**PROBLEM TO WORK ON**
Leaving nothing out, set down all the data exactly.

**RECORDED DATA**
++++++++++++++++++++
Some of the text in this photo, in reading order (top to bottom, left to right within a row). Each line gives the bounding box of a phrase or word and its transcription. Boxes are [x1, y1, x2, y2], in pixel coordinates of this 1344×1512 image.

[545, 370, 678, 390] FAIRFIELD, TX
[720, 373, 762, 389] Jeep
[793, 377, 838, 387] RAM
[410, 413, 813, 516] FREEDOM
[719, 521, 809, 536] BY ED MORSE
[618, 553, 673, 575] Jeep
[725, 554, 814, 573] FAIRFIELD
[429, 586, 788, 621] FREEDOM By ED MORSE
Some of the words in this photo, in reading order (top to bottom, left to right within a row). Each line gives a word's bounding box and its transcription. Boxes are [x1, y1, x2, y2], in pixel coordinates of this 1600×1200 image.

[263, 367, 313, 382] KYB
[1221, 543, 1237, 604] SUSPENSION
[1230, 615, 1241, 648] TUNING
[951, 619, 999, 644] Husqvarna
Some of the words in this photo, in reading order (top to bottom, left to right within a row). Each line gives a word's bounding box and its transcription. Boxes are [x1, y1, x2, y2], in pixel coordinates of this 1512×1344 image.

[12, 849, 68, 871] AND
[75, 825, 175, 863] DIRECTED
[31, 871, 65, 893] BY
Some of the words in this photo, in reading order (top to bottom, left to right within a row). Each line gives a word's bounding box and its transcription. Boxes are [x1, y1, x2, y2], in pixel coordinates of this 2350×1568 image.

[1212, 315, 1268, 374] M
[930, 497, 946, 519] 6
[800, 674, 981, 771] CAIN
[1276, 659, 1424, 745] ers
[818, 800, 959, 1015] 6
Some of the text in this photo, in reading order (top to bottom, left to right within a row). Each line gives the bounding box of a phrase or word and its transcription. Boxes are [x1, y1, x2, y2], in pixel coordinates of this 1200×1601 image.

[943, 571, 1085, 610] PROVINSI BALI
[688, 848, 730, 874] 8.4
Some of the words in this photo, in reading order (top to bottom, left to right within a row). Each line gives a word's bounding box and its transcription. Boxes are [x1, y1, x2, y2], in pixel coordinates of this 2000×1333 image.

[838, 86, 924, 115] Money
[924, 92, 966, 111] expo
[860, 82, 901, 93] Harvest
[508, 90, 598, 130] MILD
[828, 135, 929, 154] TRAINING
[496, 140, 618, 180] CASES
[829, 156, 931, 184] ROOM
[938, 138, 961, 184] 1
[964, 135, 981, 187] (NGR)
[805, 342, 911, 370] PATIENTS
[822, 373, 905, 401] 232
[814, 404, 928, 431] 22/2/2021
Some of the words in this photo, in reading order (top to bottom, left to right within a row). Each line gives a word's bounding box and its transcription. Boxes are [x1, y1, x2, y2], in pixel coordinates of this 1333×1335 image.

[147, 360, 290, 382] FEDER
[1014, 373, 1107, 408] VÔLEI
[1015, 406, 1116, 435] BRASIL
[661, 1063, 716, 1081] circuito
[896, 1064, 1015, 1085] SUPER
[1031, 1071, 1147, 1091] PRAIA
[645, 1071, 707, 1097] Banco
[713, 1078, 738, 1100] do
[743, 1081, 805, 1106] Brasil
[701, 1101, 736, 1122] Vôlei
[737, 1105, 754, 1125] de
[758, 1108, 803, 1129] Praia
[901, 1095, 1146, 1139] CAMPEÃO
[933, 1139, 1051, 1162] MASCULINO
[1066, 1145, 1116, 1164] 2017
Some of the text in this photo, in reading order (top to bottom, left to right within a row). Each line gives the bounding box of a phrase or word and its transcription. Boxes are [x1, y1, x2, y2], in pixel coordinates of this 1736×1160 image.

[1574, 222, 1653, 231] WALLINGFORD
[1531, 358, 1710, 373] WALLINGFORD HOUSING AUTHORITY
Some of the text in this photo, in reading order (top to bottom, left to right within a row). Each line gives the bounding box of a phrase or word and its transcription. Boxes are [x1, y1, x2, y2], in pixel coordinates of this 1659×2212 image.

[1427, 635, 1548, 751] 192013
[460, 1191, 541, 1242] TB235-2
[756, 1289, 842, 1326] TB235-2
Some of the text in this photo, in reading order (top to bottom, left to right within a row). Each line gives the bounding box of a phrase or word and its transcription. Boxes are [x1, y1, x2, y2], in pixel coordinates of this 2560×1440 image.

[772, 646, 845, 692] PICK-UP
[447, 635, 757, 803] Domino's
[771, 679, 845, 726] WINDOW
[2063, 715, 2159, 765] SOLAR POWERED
++++++++++++++++++++
**EXERCISE RESPONSE**
Some of the text in this photo, in reading order (top to bottom, left to right within a row). Each line gives the bounding box of a phrase or word and its transcription. Boxes are [x1, y1, x2, y2], in pixel coordinates of this 1344×1512 image.

[545, 370, 678, 390] FAIRFIELD, TX
[720, 373, 762, 389] Jeep
[793, 377, 838, 387] RAM
[410, 413, 813, 516] FREEDOM
[719, 521, 809, 536] BY ED MORSE
[618, 553, 673, 575] Jeep
[725, 554, 814, 573] FAIRFIELD
[429, 586, 788, 621] FREEDOM By ED MORSE
Some of the words in this photo, in reading order (top to bottom, left to right within a row). Each line gives a word's bounding box and its transcription. Boxes are [x1, y1, x2, y2], in pixel coordinates of this 1600×1200 image.

[263, 367, 313, 382] KYB
[1221, 543, 1237, 604] SUSPENSION
[1230, 615, 1241, 648] TUNING
[951, 619, 999, 644] Husqvarna
Some of the words in this photo, in reading order (top to bottom, left to right within a row). Each line gives a word's bounding box and its transcription. Boxes are [x1, y1, x2, y2], in pixel coordinates of this 1512×1344 image.

[12, 849, 68, 871] AND
[75, 825, 175, 863] DIRECTED
[31, 871, 65, 893] BY
Some of the words in this photo, in reading order (top to bottom, left to right within a row). Each line gives a word's bounding box and its transcription. Boxes are [x1, y1, x2, y2], in pixel coordinates of this 2350×1568 image.

[1212, 315, 1268, 374] M
[930, 497, 946, 519] 6
[800, 674, 981, 771] CAIN
[1276, 659, 1424, 745] ers
[818, 800, 959, 1015] 6
Some of the text in this photo, in reading order (top to bottom, left to right within a row). Each line gives the bounding box of a phrase or word and its transcription. Boxes are [x1, y1, x2, y2], in pixel coordinates of this 1200×1601 image.

[943, 571, 1085, 610] PROVINSI BALI
[688, 848, 730, 874] 8.4
Some of the words in this photo, in reading order (top to bottom, left to right within a row). Each line gives a word's bounding box and its transcription. Boxes are [x1, y1, x2, y2], in pixel coordinates of this 2000×1333 image.

[838, 86, 924, 115] Money
[924, 92, 966, 111] expo
[860, 82, 901, 93] Harvest
[508, 90, 598, 130] MILD
[828, 135, 929, 154] TRAINING
[496, 140, 618, 180] CASES
[829, 156, 931, 184] ROOM
[938, 138, 961, 184] 1
[964, 135, 981, 187] (NGR)
[805, 342, 911, 370] PATIENTS
[822, 373, 905, 401] 232
[814, 404, 928, 431] 22/2/2021
Some of the words in this photo, in reading order (top to bottom, left to right within a row). Each line gives a word's bounding box and its transcription. Boxes are [x1, y1, x2, y2], in pixel coordinates of this 1333×1335 image.

[147, 360, 290, 382] FEDER
[1014, 373, 1107, 408] VÔLEI
[1015, 406, 1116, 435] BRASIL
[661, 1063, 716, 1081] circuito
[896, 1064, 1015, 1085] SUPER
[1031, 1071, 1147, 1091] PRAIA
[645, 1071, 707, 1097] Banco
[713, 1078, 738, 1100] do
[743, 1081, 805, 1106] Brasil
[701, 1101, 736, 1122] Vôlei
[737, 1105, 754, 1125] de
[758, 1108, 803, 1129] Praia
[901, 1095, 1146, 1139] CAMPEÃO
[933, 1139, 1051, 1162] MASCULINO
[1066, 1145, 1116, 1164] 2017
Some of the text in this photo, in reading order (top to bottom, left to right within a row). Each line gives the bounding box of a phrase or word and its transcription. Boxes are [x1, y1, x2, y2], in pixel coordinates of this 1736×1160 image.

[1574, 222, 1653, 231] WALLINGFORD
[1531, 358, 1710, 373] WALLINGFORD HOUSING AUTHORITY
Some of the text in this photo, in reading order (top to bottom, left to right within a row). Each line gives the bounding box of a phrase or word and its transcription. Boxes are [x1, y1, x2, y2], in pixel coordinates of this 1659×2212 image.

[1427, 635, 1548, 751] 192013
[460, 1191, 541, 1242] TB235-2
[756, 1289, 842, 1326] TB235-2
Some of the text in this photo, in reading order (top to bottom, left to right within a row). Each line gives the bounding box of a phrase or word and its transcription. Boxes are [x1, y1, x2, y2], in pixel coordinates of this 2560×1440 image.

[772, 646, 845, 692] PICK-UP
[447, 635, 757, 803] Domino's
[771, 679, 845, 726] WINDOW
[2063, 715, 2159, 765] SOLAR POWERED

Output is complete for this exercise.